Tidak ada dokumen yang menunjukkan kapan gamelan ajéng lahir, tapi dari karakternya yang mengutamakan waditra gong-berangkai (gong chimes) yang merupakan ciri ensambel musik di Asia Tenggara, ensambel ini merupakan jenis gamelan yang amat tua. Jaap Kunst, etnomusikolog Belanda yang mengadakan penelitian gamelan pada tahun 1920-an, melaporkan tentang ajéng yang ada di kampung-kampung di dataran tinggi timur Sunda, seperti di daerah Sumedang.
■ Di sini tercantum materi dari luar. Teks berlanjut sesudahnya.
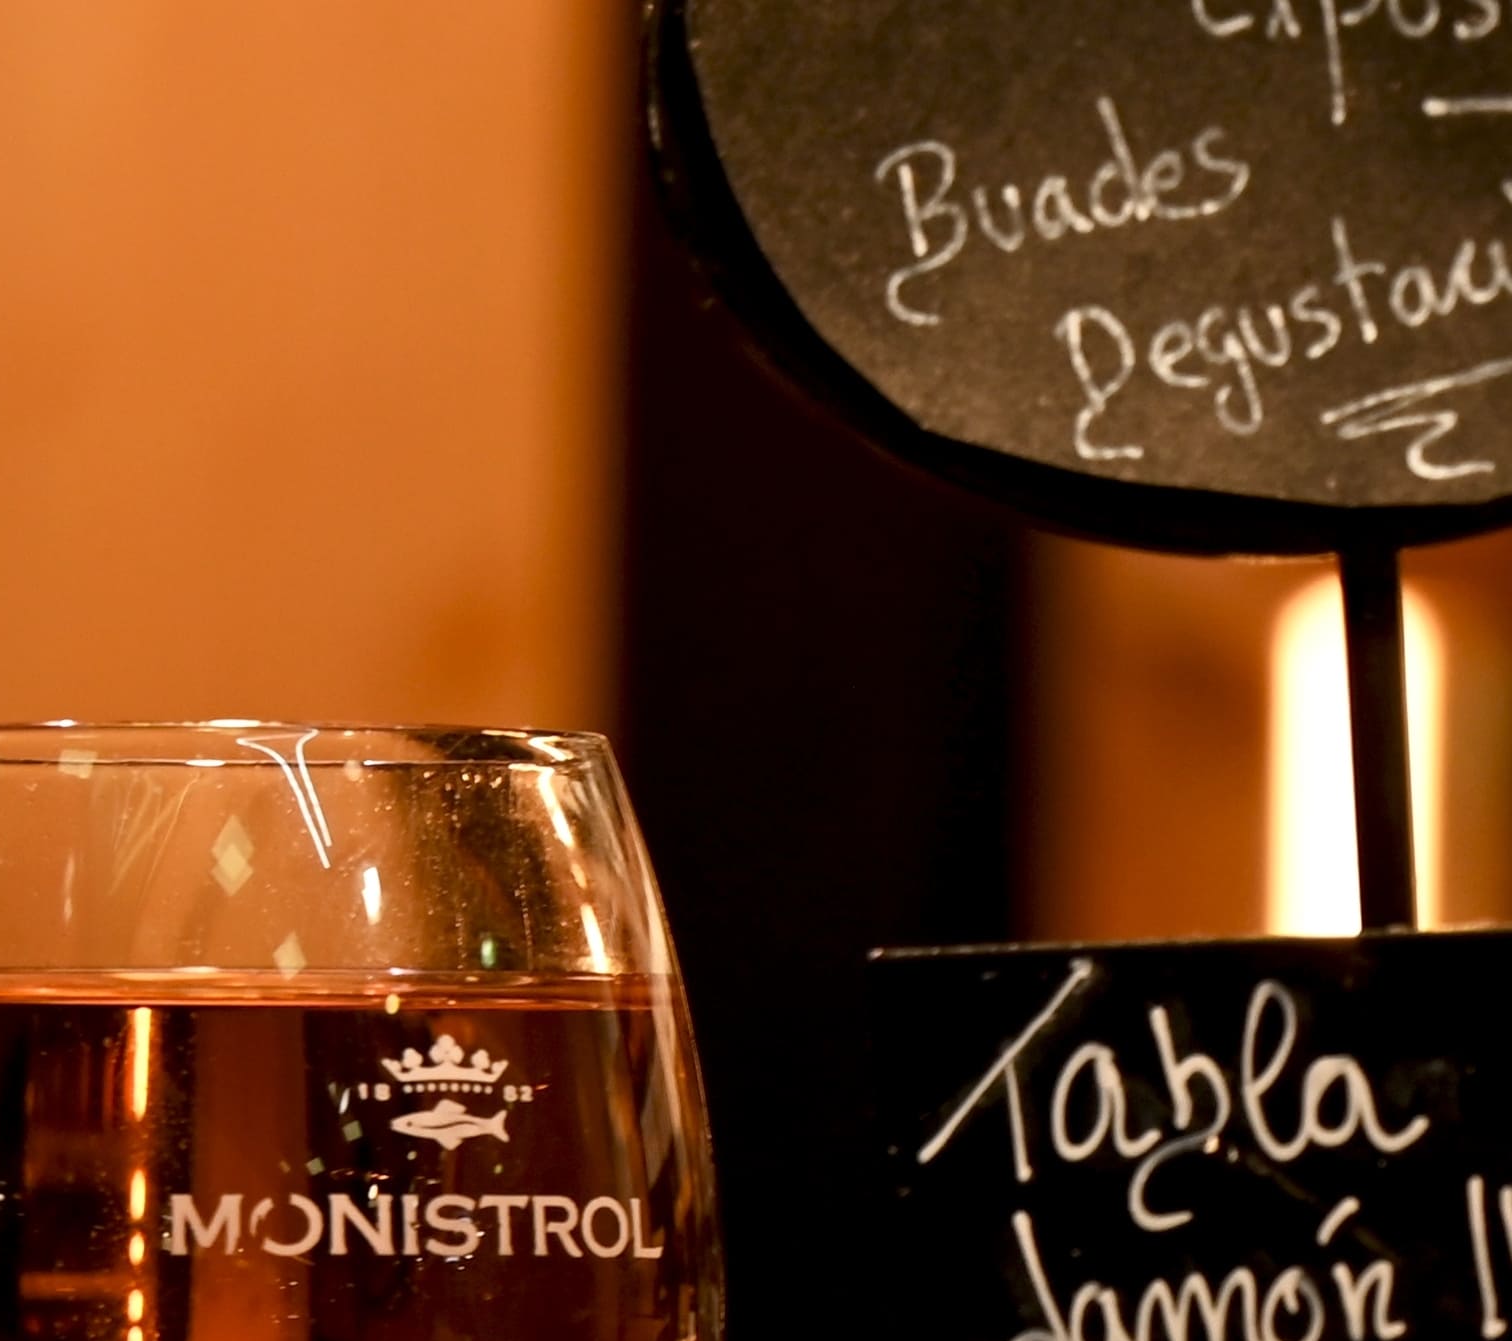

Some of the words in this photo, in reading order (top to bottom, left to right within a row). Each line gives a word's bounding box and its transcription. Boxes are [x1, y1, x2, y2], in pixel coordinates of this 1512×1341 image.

[874, 96, 1251, 328] Buades
[916, 958, 1430, 1232] Tabla
[166, 1193, 665, 1260] MONISTROL
Keduanya kini termasuk jenis musik yang makin kurang mendapat ruang dalam dunia seni pertunjukan di Jawa Barat. Berkurangnya pertunjukan ajéng itu, pertama adalah karena kurangnya apresiasi atau perhatian masyarakat, sehingga tidak beminat menanggap. Kedua, akibat dari pertama, karena makin sedikit, kalau bukan tidak ada lagi yang menanggap seniman yang memahami lagu-lagu ajéng itu pun makin tiada.
Perbedaan dari kedua gaya ajéng itu, di Sumedang (wilayah pegunungan) instrumentasinya lebih mendekati ensembel gamelan réncéng, sedangkan yang di Karawang dan Bogor (wilayah pantai) lebih mendekati ensambel gamelan saléndro atau pélog. Selain itu, jika ajéng Sumedang tidak memakai alat melodis (walau kadang-kadang ada yang memakai suling), ajéng Karawang dan Cileungsi memakai tarompet¸ yang biasa digunakan dalam ensambel gendang penca.
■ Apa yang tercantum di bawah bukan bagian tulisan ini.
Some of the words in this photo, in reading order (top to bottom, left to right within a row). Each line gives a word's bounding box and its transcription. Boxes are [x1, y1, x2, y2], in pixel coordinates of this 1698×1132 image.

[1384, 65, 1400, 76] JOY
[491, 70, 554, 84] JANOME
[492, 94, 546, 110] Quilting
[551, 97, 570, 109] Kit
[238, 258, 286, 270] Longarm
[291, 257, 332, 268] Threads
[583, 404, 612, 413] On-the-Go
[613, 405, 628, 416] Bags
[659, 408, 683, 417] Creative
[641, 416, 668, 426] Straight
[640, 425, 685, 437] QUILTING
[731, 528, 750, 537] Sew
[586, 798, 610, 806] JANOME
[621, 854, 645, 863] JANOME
Ajéng Sumedang digunakan hampir khusus untuk penyambutan tamu, seperti halnya gamelan gamelan rénténg atau degung (dahulu). Melodi utamanya dibawakan oleh bonang, tidak memakai vokal (penyanyi, sinden), melulu instrumentalis. Penempatan gamelannya di atas panggung yang dibuat tinggi sekali, sekitar 2-3 meter, dan sering dibangun di mulut kampung, walau jauh dari yang punya hajat. Penonton (tamu undangan) yang lewat, tidak bisa melihat senimannya, hanya suaranya.
Ajéng Karawang (dan Cileungsi) juga memiliki persamaan dengan di Sumedang, dalam hal bahwa ensambel ini dasarnya adalah instrumental, dan dimainkan di panggung tinggi untuk bisa terdengar lebih jauh, sebagai kabar tentang adanya selamatan. Persamaan dari sisi konteksnya, baik ajéng Sumedang maupun Karawang sekarang merupakan jenis kesenian langka yang mendekati kepunahan jika tidak ada upaya pelestarian strategis.
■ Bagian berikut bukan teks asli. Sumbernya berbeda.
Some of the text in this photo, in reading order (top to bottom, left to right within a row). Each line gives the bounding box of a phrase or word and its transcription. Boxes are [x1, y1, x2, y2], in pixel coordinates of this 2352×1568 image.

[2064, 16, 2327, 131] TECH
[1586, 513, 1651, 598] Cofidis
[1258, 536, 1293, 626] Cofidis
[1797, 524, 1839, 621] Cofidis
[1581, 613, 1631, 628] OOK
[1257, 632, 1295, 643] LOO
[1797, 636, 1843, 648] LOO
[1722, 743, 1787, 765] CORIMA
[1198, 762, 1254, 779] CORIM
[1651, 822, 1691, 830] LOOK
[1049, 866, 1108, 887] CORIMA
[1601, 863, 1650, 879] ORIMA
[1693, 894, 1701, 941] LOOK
Gamelan ajeng juga terdapat di daerah Betawi, jenis musik ini diperkirakan berasal dari daerah Pasundan, tetapi dalam perkembangannya mengalami perubahan-perubahan yang membedakan dengan Gamelan Ajeng Sunda. Perbedaan ini antara lain terletak pada repertoar, lagu pada Gamelan Ajeng Sunda tidak terdapat dalam Gamelan Ajeng Betawi. Di samping pengaruh Sunda, Gamelan Ajeng juga mendapat pengaruh Bali.
Alat musik Gamelan Ajeng terdiri dari sebuah kromong sepuluh pencon, sebuah terompet, gendang (dua gendang besar dan dua kulanter), dua buah saron, sebuah bende, sebuah cemes, sebuah kecrek, dan kadang-kadang ada yang menggunakan dua buah gong; gong laki-laki dan perempuan. Dewasa ini berkembang di daerah pinggiran Kota Jakarta dan sekitarnya dan masyarakat pendukungnya adalah kelompok masyarakat petani.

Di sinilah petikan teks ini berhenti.